The endogenous cannabinoid system (ECS) orchestrates a myriad of physiological processes, ranging from neurodevelopment and immune regulation to mood modulation and sleep-wake cycles. Comprising cannabinoid receptors (CB1 and CB2), endocannabinoid ligands, and enzymes for synthesis and degradation, the ECS governs intricate pathways crucial for maintaining homeostasis. Cannabinoids, both endogenous and exogenous, interact with this system, exerting profound effects on various aspects of human health and behavior. In recent years, substantial research has illuminated the therapeutic potential of cannabinoids, particularly cannabidiol (CBD), in managing sleep disorders. This article explores the intricate interplay between the ECS and sleep architecture, delving into the mechanisms underlying cannabinoid modulation of sleep patterns and the implications for clinical practice. Notably, it synthesizes findings from preclinical and clinical studies, shedding light on the multifaceted pharmacological actions of CBD and its role in targeting diverse pathophysiological pathways implicated in sleep disturbances. Moreover, it underscores the need for further research to establish optimal dosing regimens, long-term safety, and efficacy in diverse patient populations. By integrating CBD into comprehensive treatment strategies alongside cognitive-behavioral therapy for insomnia (CBT-I) and lifestyle modifications, this article advocates for a holistic approach to addressing the multifactorial nature of sleep disorders, thereby offering a promising avenue for enhancing the quality of life for millions worldwide.

Humans have historically used Cannabis sativa for its noted effects, such as euphoria, stress reduction, increased appetite, and potential alterations in anxiety. The isolation of the active component, Δ9-tetrahydrocannabinol (THC), occurred in 1964 1, yet the major components of the ECS were not identified until the early 1990s. Subsequently, it became well-established that the endocannabinoid system comprises cannabinoid receptors (CBRs), endogenous ligands (like 2-arachidonoylglycerol (2-AG) and N-arachidonylethanolamine (AEA or anandamide), and enzymes responsible for synthesizing and degrading ECS 2, 3, 4, 5, 6.

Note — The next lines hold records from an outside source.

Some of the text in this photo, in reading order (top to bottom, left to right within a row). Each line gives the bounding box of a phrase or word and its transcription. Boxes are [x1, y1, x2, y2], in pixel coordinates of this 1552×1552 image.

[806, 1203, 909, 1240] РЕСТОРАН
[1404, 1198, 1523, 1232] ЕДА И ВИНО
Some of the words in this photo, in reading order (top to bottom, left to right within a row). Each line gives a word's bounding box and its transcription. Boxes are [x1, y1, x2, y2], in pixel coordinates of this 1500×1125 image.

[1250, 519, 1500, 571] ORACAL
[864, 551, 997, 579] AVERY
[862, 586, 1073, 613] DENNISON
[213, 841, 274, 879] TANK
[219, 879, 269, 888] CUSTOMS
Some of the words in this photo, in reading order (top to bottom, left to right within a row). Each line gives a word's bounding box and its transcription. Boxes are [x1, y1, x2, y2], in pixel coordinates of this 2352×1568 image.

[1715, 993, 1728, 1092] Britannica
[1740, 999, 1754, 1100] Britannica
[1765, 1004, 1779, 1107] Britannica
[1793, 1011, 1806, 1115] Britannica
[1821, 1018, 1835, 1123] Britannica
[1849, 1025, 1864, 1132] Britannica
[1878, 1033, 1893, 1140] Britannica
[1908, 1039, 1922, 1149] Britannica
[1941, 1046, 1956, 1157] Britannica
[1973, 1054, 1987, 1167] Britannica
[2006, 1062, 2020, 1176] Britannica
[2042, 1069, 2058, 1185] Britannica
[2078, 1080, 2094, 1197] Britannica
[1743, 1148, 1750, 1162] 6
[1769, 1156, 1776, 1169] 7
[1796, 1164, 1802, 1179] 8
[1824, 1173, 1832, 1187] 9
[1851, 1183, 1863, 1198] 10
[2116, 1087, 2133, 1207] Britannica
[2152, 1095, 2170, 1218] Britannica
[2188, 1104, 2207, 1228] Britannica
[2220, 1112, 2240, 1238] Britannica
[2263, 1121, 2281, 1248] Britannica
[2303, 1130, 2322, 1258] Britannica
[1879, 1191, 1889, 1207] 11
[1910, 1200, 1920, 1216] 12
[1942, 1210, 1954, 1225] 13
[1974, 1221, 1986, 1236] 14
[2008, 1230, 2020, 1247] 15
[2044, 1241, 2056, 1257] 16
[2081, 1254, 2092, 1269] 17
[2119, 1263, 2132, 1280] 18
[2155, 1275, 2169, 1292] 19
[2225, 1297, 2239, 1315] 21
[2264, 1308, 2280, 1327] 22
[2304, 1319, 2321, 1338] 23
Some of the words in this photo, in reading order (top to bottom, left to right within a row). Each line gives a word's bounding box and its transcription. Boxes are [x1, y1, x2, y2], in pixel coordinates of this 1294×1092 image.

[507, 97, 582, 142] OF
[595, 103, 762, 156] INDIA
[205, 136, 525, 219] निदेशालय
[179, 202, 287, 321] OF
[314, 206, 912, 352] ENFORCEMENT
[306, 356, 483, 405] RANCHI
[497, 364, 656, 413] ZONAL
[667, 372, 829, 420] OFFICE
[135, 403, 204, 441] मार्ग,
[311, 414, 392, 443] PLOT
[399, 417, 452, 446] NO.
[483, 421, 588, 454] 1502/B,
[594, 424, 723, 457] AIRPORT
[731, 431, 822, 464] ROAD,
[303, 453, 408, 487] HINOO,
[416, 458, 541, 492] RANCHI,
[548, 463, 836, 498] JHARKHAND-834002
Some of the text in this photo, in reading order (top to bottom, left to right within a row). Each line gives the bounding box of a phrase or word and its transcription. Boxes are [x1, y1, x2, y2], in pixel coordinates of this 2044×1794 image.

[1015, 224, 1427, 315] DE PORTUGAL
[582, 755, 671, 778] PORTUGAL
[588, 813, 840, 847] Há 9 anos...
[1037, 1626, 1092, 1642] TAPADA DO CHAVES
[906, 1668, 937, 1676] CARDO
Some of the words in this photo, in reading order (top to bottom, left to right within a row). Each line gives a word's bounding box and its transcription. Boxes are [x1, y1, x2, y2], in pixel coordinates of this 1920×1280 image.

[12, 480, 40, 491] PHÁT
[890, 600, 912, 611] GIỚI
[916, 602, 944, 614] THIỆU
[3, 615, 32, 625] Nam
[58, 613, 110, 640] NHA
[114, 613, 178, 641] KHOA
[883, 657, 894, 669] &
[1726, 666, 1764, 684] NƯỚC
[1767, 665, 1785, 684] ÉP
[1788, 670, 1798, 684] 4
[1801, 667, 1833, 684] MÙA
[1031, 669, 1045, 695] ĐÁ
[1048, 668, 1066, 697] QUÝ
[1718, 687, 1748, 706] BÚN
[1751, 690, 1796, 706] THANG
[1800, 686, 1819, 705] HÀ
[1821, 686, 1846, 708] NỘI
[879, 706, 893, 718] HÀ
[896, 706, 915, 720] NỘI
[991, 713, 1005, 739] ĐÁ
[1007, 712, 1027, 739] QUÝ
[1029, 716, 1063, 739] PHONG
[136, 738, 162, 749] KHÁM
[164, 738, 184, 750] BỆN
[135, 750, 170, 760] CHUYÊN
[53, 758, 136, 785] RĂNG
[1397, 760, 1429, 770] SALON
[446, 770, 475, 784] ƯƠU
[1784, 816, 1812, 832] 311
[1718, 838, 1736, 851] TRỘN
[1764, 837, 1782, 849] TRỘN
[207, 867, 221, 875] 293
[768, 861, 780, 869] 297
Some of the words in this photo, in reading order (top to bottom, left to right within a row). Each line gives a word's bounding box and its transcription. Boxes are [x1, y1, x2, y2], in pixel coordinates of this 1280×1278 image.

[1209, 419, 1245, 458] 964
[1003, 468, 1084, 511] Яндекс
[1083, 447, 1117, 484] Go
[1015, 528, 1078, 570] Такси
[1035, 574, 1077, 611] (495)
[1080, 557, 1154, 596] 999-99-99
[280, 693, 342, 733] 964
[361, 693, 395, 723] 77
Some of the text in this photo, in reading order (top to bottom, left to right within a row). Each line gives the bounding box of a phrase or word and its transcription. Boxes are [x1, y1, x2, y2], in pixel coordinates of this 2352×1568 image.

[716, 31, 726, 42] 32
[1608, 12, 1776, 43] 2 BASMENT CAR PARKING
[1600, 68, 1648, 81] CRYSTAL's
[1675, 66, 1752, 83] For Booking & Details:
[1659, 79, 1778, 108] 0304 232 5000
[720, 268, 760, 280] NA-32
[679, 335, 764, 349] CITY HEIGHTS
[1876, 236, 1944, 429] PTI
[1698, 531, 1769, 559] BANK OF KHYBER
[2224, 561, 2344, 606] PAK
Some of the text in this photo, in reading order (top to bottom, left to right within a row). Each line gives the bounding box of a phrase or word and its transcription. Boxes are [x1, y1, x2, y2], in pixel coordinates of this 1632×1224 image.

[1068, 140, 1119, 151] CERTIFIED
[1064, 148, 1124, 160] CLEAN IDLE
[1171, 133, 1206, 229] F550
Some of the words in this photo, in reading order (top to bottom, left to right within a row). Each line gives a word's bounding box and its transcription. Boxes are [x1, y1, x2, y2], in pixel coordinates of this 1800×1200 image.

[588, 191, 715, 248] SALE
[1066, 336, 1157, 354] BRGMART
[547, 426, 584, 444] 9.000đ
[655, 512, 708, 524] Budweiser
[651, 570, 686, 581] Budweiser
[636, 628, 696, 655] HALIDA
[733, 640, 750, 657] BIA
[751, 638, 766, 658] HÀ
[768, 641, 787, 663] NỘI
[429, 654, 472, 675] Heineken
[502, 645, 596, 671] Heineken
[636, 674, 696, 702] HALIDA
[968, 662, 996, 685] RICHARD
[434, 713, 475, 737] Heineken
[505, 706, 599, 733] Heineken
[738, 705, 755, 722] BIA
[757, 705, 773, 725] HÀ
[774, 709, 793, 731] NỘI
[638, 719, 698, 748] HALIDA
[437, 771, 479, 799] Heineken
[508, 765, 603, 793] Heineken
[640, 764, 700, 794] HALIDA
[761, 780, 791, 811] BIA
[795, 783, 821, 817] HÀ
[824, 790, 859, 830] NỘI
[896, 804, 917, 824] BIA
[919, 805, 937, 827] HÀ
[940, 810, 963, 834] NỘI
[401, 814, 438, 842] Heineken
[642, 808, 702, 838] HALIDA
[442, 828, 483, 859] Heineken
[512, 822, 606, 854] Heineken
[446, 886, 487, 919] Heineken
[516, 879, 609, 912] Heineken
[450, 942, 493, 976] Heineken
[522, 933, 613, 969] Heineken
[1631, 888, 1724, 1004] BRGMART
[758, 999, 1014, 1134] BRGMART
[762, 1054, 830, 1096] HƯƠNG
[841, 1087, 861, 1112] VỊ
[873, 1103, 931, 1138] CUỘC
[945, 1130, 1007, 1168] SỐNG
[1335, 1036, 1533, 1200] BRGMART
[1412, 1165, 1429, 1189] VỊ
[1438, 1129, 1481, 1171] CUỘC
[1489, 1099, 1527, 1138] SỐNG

The ECS system's ubiquitous presence in both central and peripheral locations suggest its involvement in various human physiological aspects 7. Extensive literature links the ECS system not only to mediating feeding behavior, reward, stress, and anxiety but also to influencing glucose metabolism, pain, immune response, neurological disorders, and depression 8, 9, 10.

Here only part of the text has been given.